EREN121232/FINSTROM-AI-V1.5
FINSTROM-AI-V1.5 by EREN121232 is a 1.5 billion parameter causal language model based on the Qwen2 architecture, featuring a 32768 token context length. It is provided with both Transformers weights and a GGUF build, making it suitable for local inference environments like Ollama, llama.cpp, and LM Studio. This model is designed for flexible deployment on local machines, offering a higher quality F16 GGUF build for robust performance.
Loading preview...
FINSTROM-AI-V1.5 Overview
FINSTROM-AI-V1.5 is a 1.5 billion parameter causal language model developed by EREN121232, built upon the Qwen2 architecture. It is specifically designed for efficient local inference, providing both standard Transformers weights (model.safetensors) and a GGUF build (finstrom-ai-v1.f16.gguf). This dual offering ensures compatibility with a wide range of local runtime environments, including Ollama, llama.cpp, and LM Studio.
Key Features & Capabilities
- Architecture: Qwen2-style causal language model.
- Parameter Count: 1.5 billion parameters.
- Context Length: Supports a maximum context of 32768 tokens, though practical local deployment may use a reduced context for memory efficiency.

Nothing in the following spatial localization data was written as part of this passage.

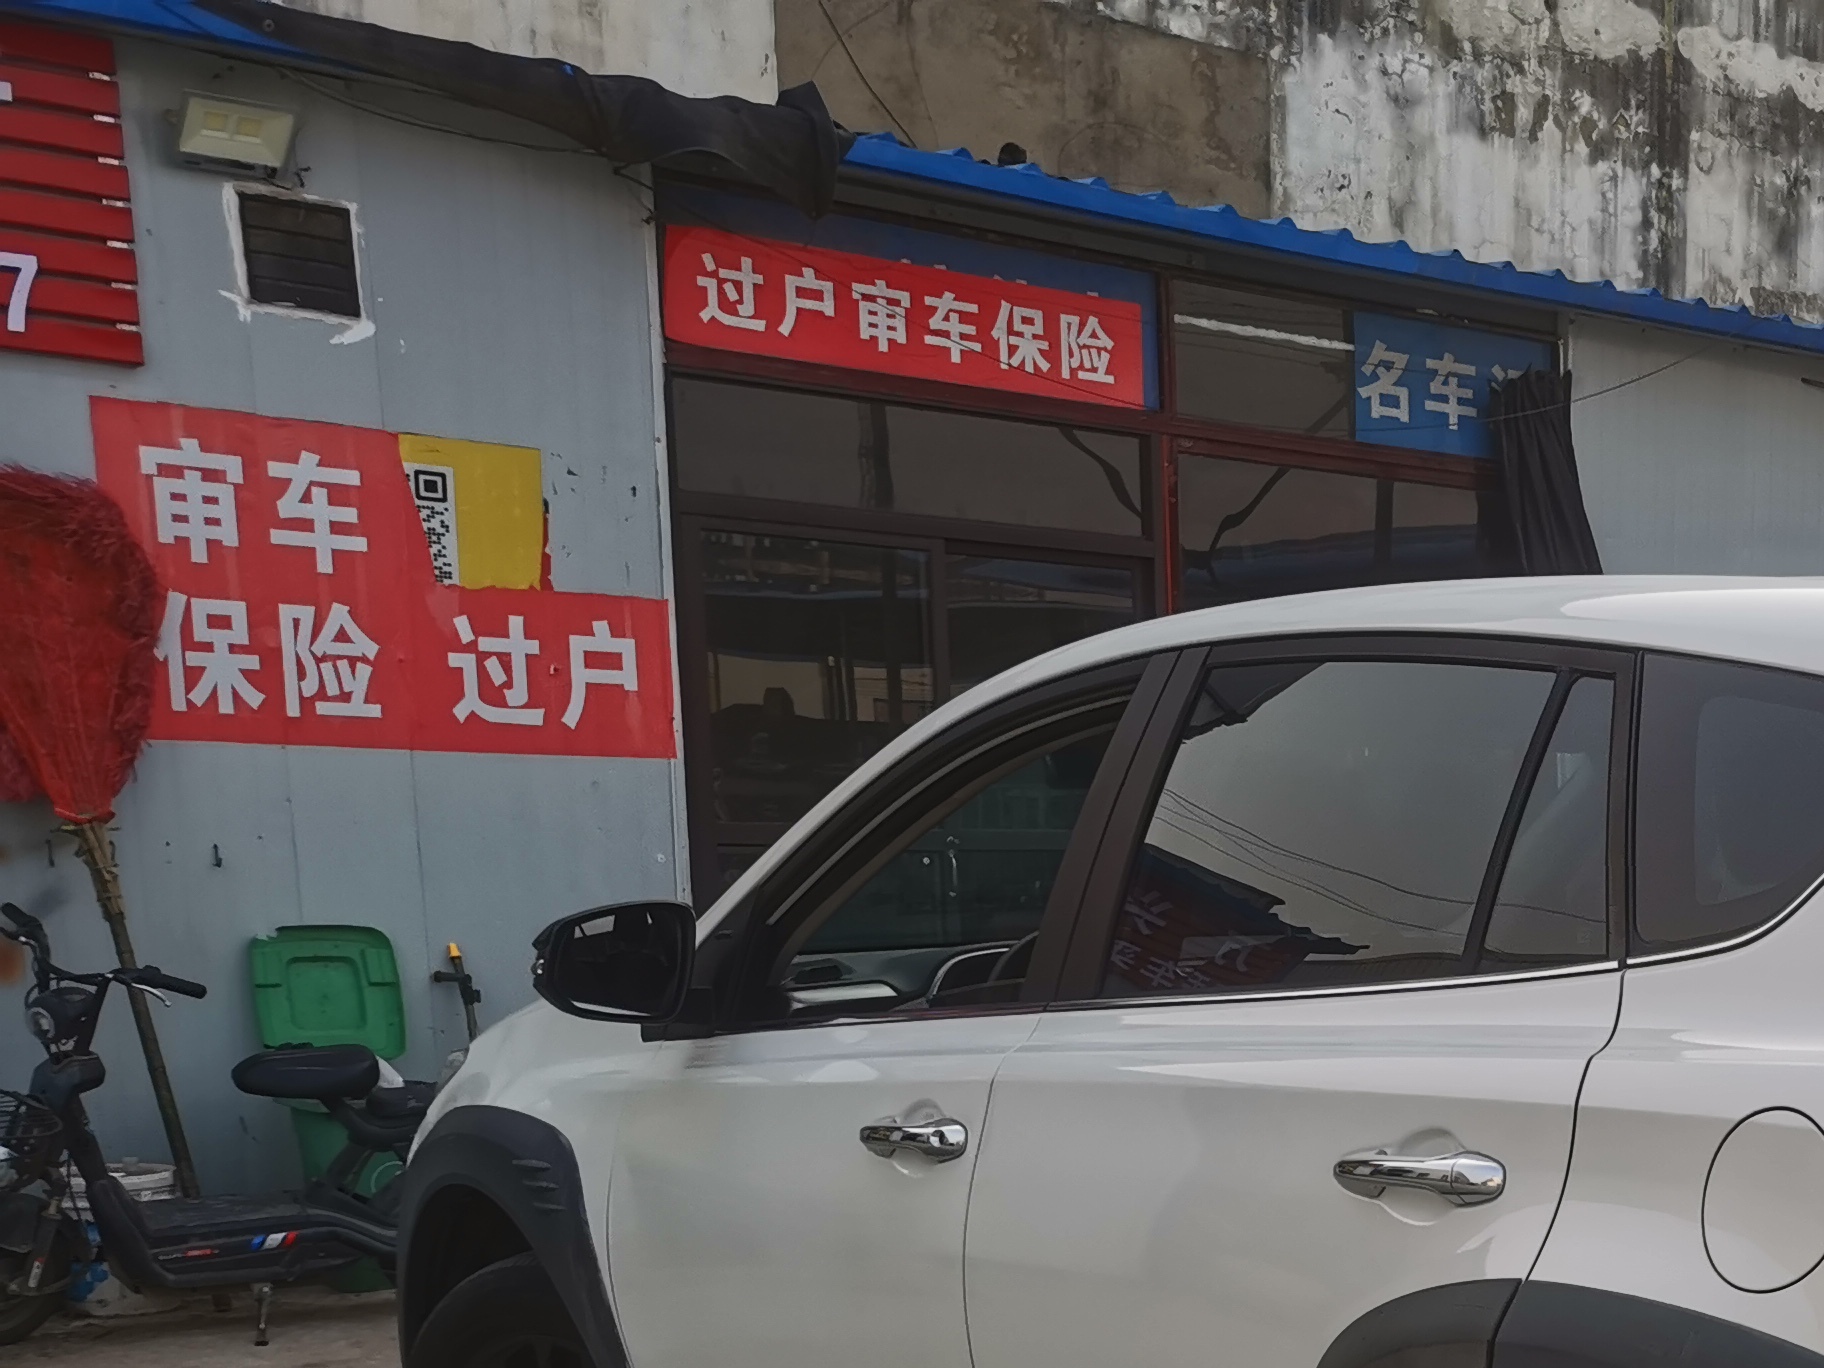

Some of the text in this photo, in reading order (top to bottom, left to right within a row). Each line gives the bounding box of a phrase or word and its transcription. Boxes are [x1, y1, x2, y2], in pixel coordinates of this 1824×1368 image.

[0, 252, 38, 332] 7
[695, 251, 1117, 387] 过户审车保险
[138, 437, 368, 574] 审车
[153, 589, 382, 719] 保险
[447, 615, 638, 731] 过户
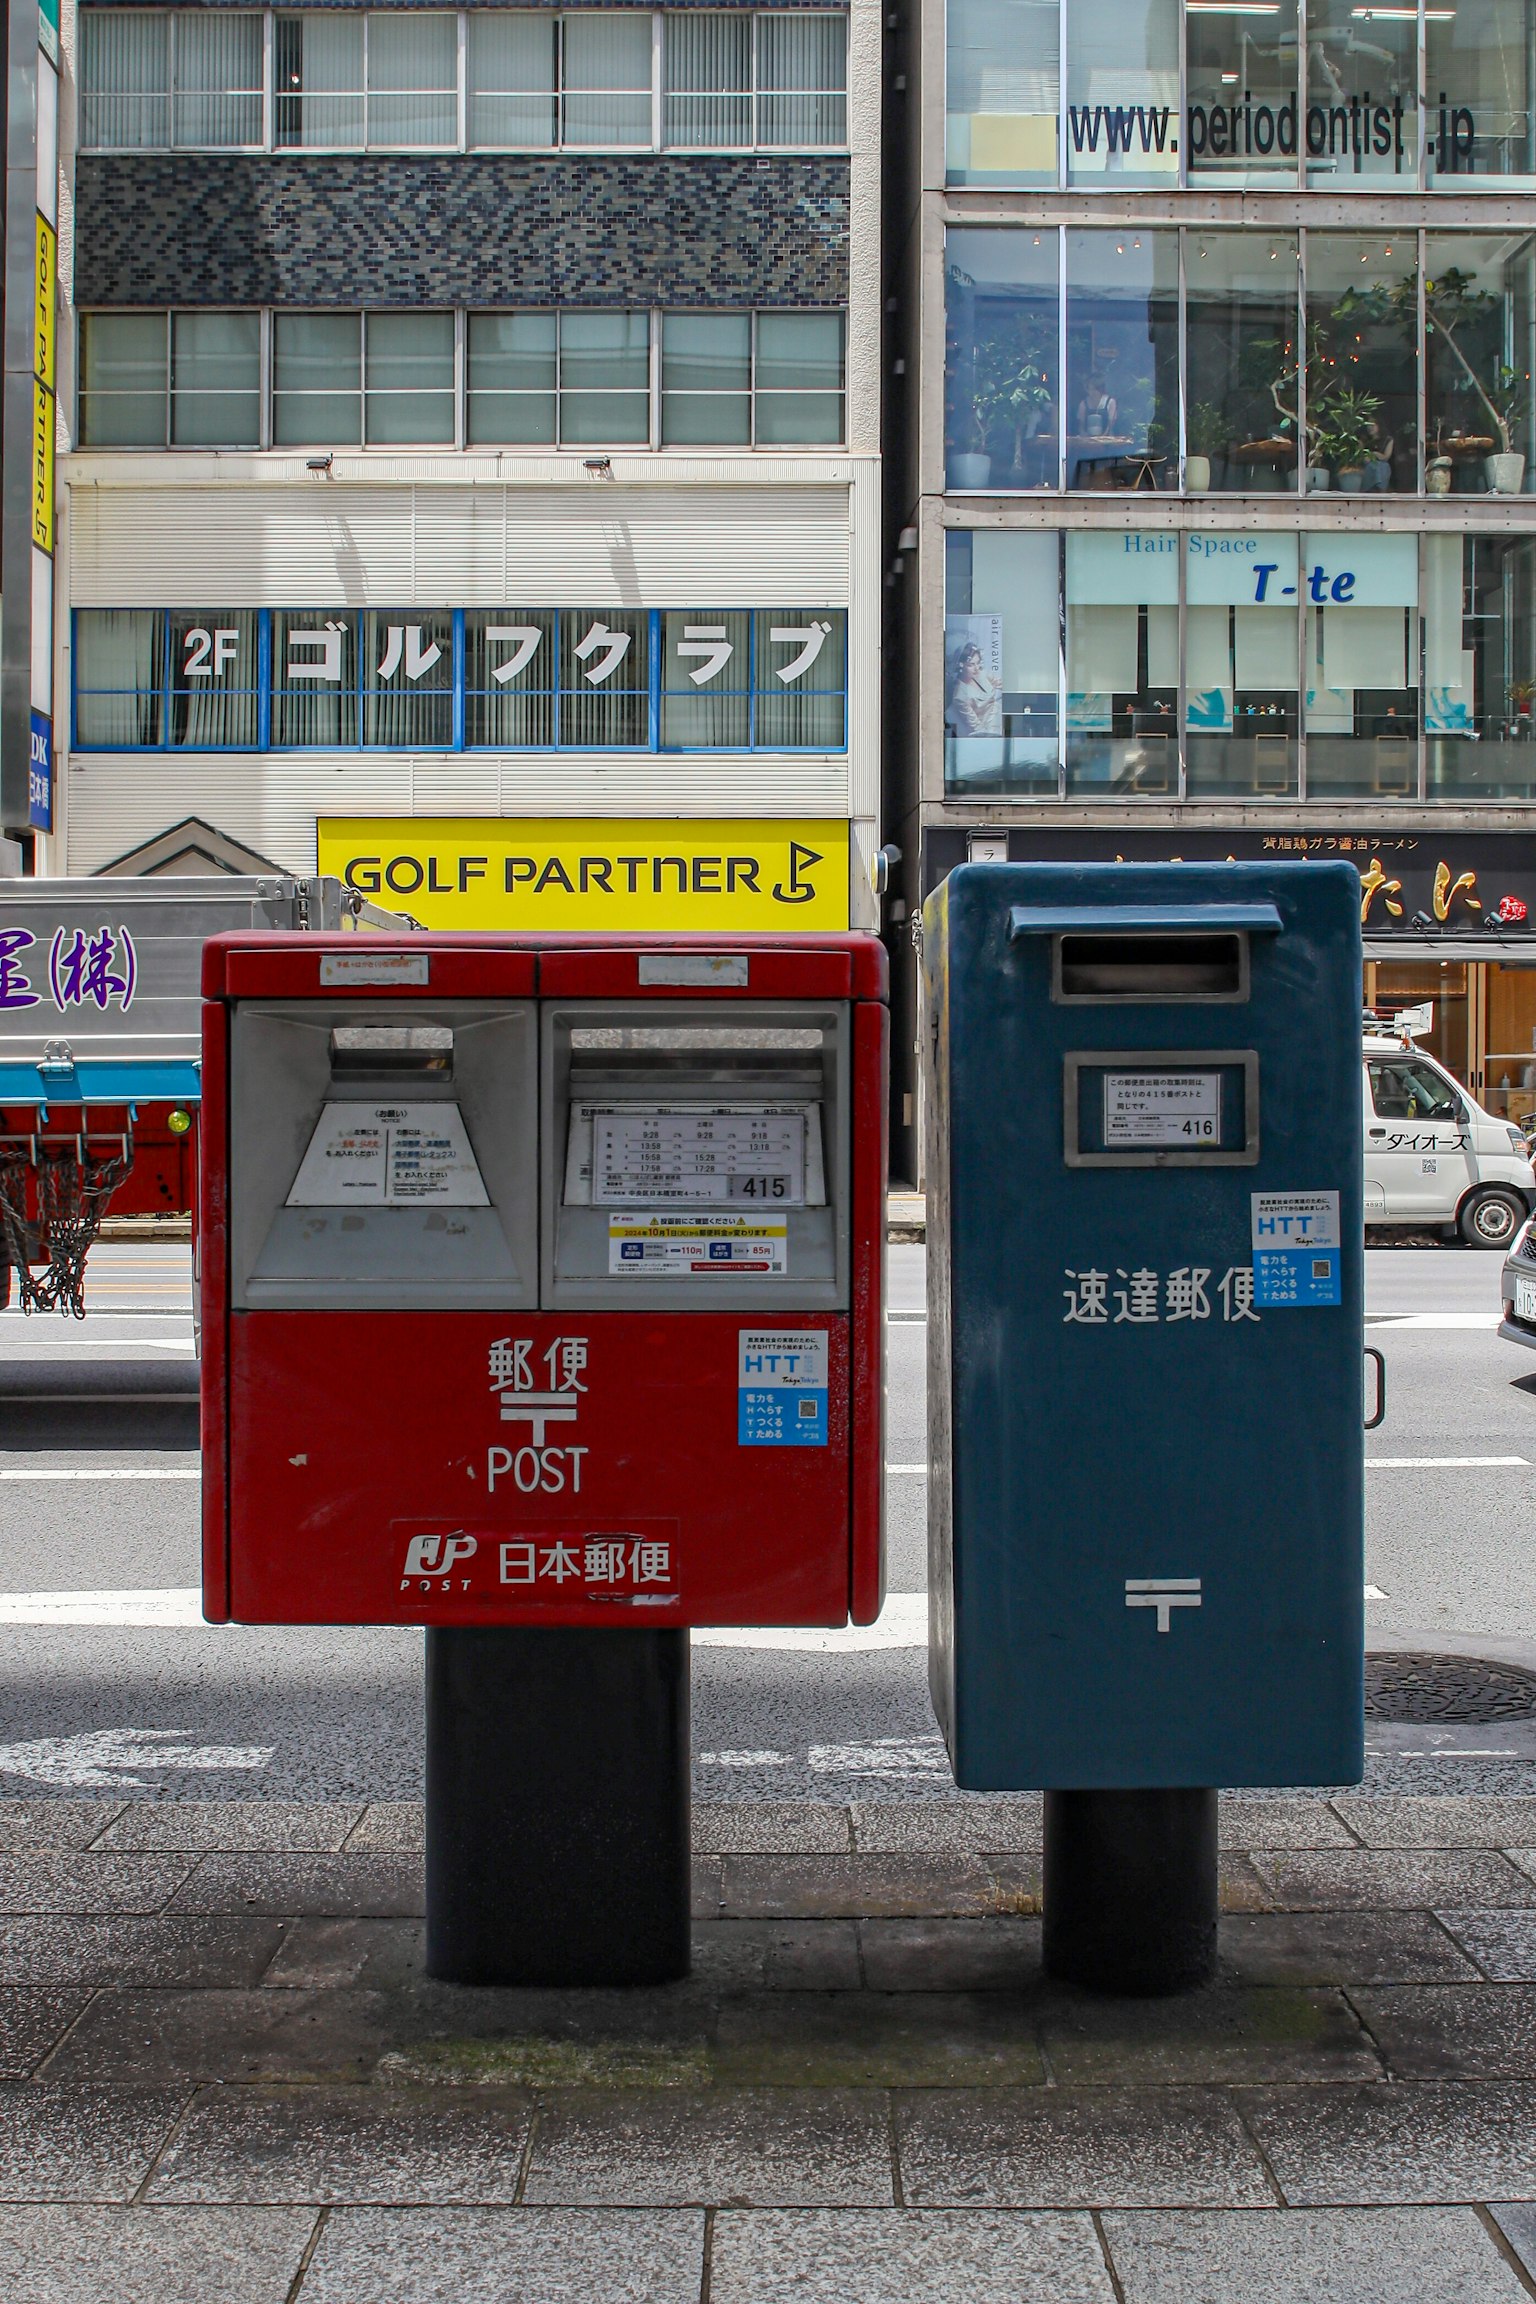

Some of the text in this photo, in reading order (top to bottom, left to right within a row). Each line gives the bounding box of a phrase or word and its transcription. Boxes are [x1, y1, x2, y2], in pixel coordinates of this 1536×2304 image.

[39, 231, 48, 326] GOLF
[1123, 534, 1257, 557] Hair Space
[1253, 564, 1356, 603] T-te
[991, 618, 1000, 671] air wave
[184, 620, 832, 686] 2F ゴルフクラブ
[1262, 836, 1419, 850] 背脂鶏ガラ醤油ラーメン
[344, 857, 488, 893] GOLF
[1182, 1120, 1213, 1135] 416
[643, 1131, 659, 1139] 9:28
[697, 1131, 713, 1139] 9:28
[751, 1132, 768, 1140] 9:18
[1387, 1134, 1471, 1150] ダイオーズ
[640, 1142, 661, 1150] 13:58
[749, 1143, 770, 1151] 13:18
[695, 1165, 716, 1173] 17:28
[743, 1178, 785, 1198] 415
[1258, 1216, 1312, 1235] HTT
[1260, 1256, 1288, 1265] 電力を
[1271, 1267, 1297, 1276] へらす
[1271, 1279, 1297, 1288] つくる
[1063, 1267, 1261, 1323] 速達郵便
[1271, 1291, 1297, 1300] ためる
[488, 1337, 588, 1392] 郵便
[745, 1355, 800, 1373] HTT
[746, 1394, 774, 1403] 電力を
[757, 1406, 783, 1415] へらす
[757, 1418, 783, 1427] つくる
[756, 1430, 783, 1438] ためる
[488, 1447, 589, 1493] POST
[500, 1541, 671, 1584] 日本郵便
[400, 1580, 472, 1591] POST

- Local Inference Optimized: Provided with a GGUF build, facilitating easy integration and execution on personal hardware.
- Quality: The GGUF file is in F16 format, offering higher quality inference compared to more heavily quantized builds like Q4/Q5, albeit with a larger file size.
- Deployment Flexibility: Includes
tokenizer.json,tokenizer_config.json, andchat_template.jinjafor consistent tokenization and chat formatting across platforms.
Ideal Use Cases
- Local Development: Excellent for developers needing to run a capable language model directly on their machines without cloud dependencies.
- Experimentation: Suitable for experimenting with LLMs in environments like Ollama, llama.cpp, or LM Studio.
- Applications Requiring Higher Fidelity: The F16 GGUF build is beneficial for applications where a balance between local performance and output quality is desired, provided sufficient local memory is available.